Первопонятия. Ключи к культурному коду - Михаил Наумович Эпштейн
Шрифт:
Интервал:
Закладка:
Французский философ российского происхождения Владимир Янкелевич в своем трактате «Приключение, скука, серьезное» (L’Aventure, l’Ennui, le Sérieux, 1963) рассматривает скуку как одно из доминантных состояний российской души, связывая его с однообразием ландшафта. «Русский роман и русская поэзия <…> много сообщают нам об этом неоформленном чувстве, которое широко как степь и бело как снег. В русском языке немало слов для обозначения этого чувства: skouka означает ennui в смысле стесненности, это зло длится всегда слишком долго, оставляя в нас лишь опустошенность, toska более тонкое чувство, чем сплин, но тоже всепроникающее, причем в „скуке“ есть еще динамика сожаления и пустых надежд, а „тоска“ – это скорее ностальгия о каких-то утратах, о которых сам человек не знает, что они такие, khаndra – прежде всего ипохондрия, утробная тоска. В русской душе, когда она подавлена, находят место не только названные, но и другие варианты меланхолии!»[389]

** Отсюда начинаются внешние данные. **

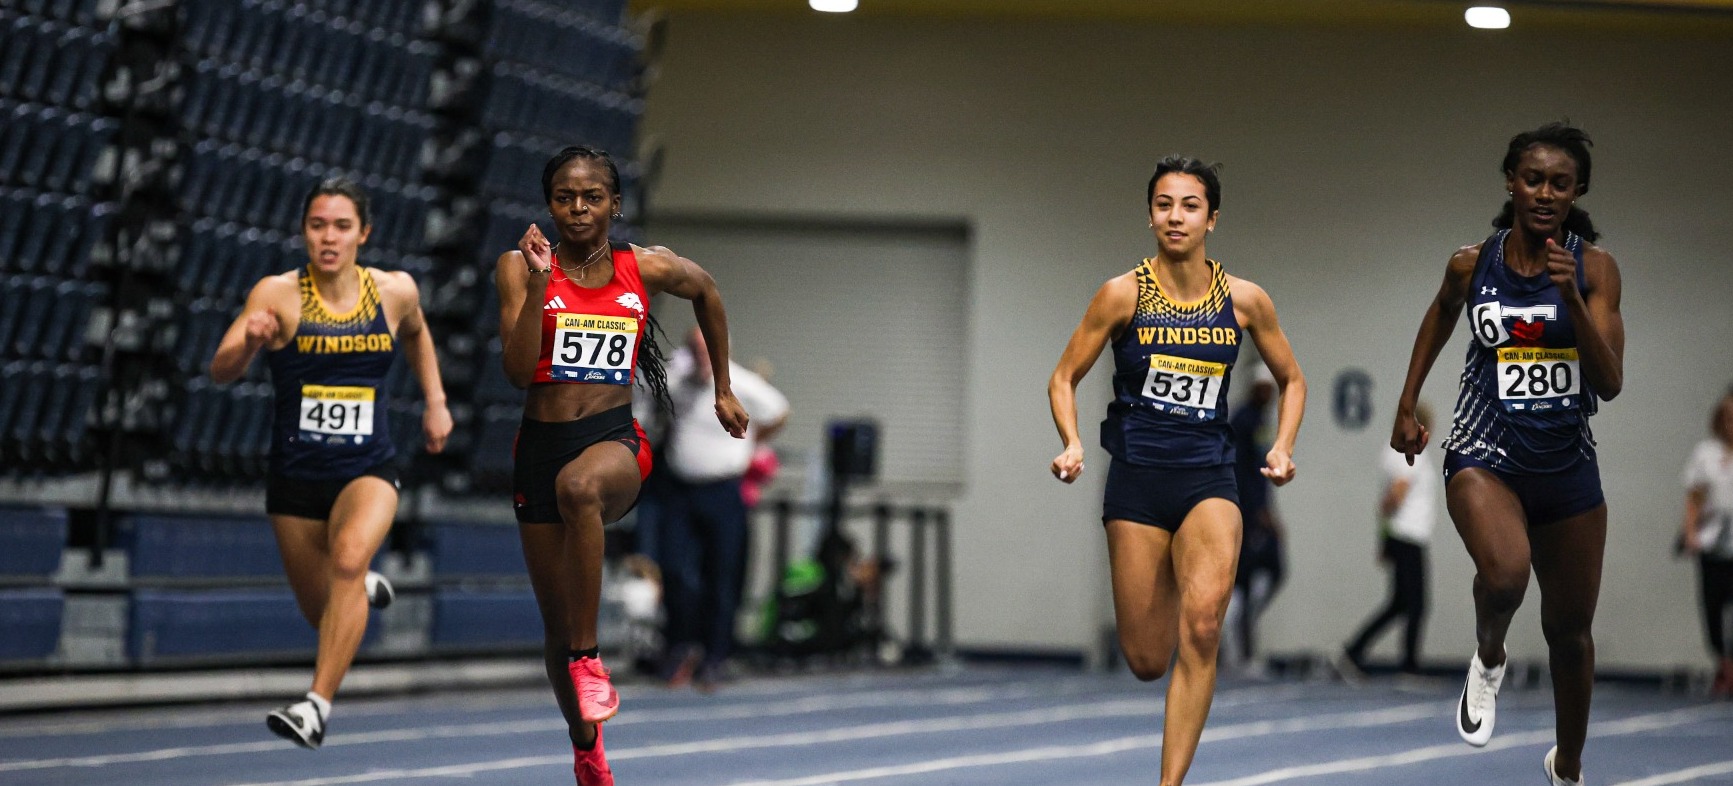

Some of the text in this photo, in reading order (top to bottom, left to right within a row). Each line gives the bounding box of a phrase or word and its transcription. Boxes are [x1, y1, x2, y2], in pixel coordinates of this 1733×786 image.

[565, 318, 626, 331] CAN-AM CLASSIC
[1137, 327, 1237, 346] WINDSOR
[1477, 305, 1500, 344] 6
[296, 333, 393, 354] WINDSOR
[560, 331, 628, 367] 578
[1504, 351, 1565, 360] CAN-AM CLASSIC
[1158, 359, 1215, 375] CAN-AM CLASSIC
[1150, 371, 1210, 405] 531
[1505, 362, 1572, 397] 280
[307, 402, 361, 430] 491

Из всего синонимического ряда: скука, хандра, уныние, тоска – последнее указывает на самое сильное, глубокое, длительное и безысходное переживание, что выражается в таких характерных словосочетаниях, как «смертная/смертельная тоска». Эти состояния, конечно, не исключают друг друга: человек может в определенной ситуации скучать, на протяжении определенного времени хандрить или унывать, но за этими более предметно и причинно соотнесенными переживаниями может скрываться надрывная, душераздирающая, опустошительная тоска. Тоска, в отличие от более спокойной скуки, медлительной хандры, созерцательного уныния, – сильный и вместе с тем устойчивый порыв к чему-то неопределенному и неосуществимому, и чем менее осуществимо это стремление, тем оно сильнее.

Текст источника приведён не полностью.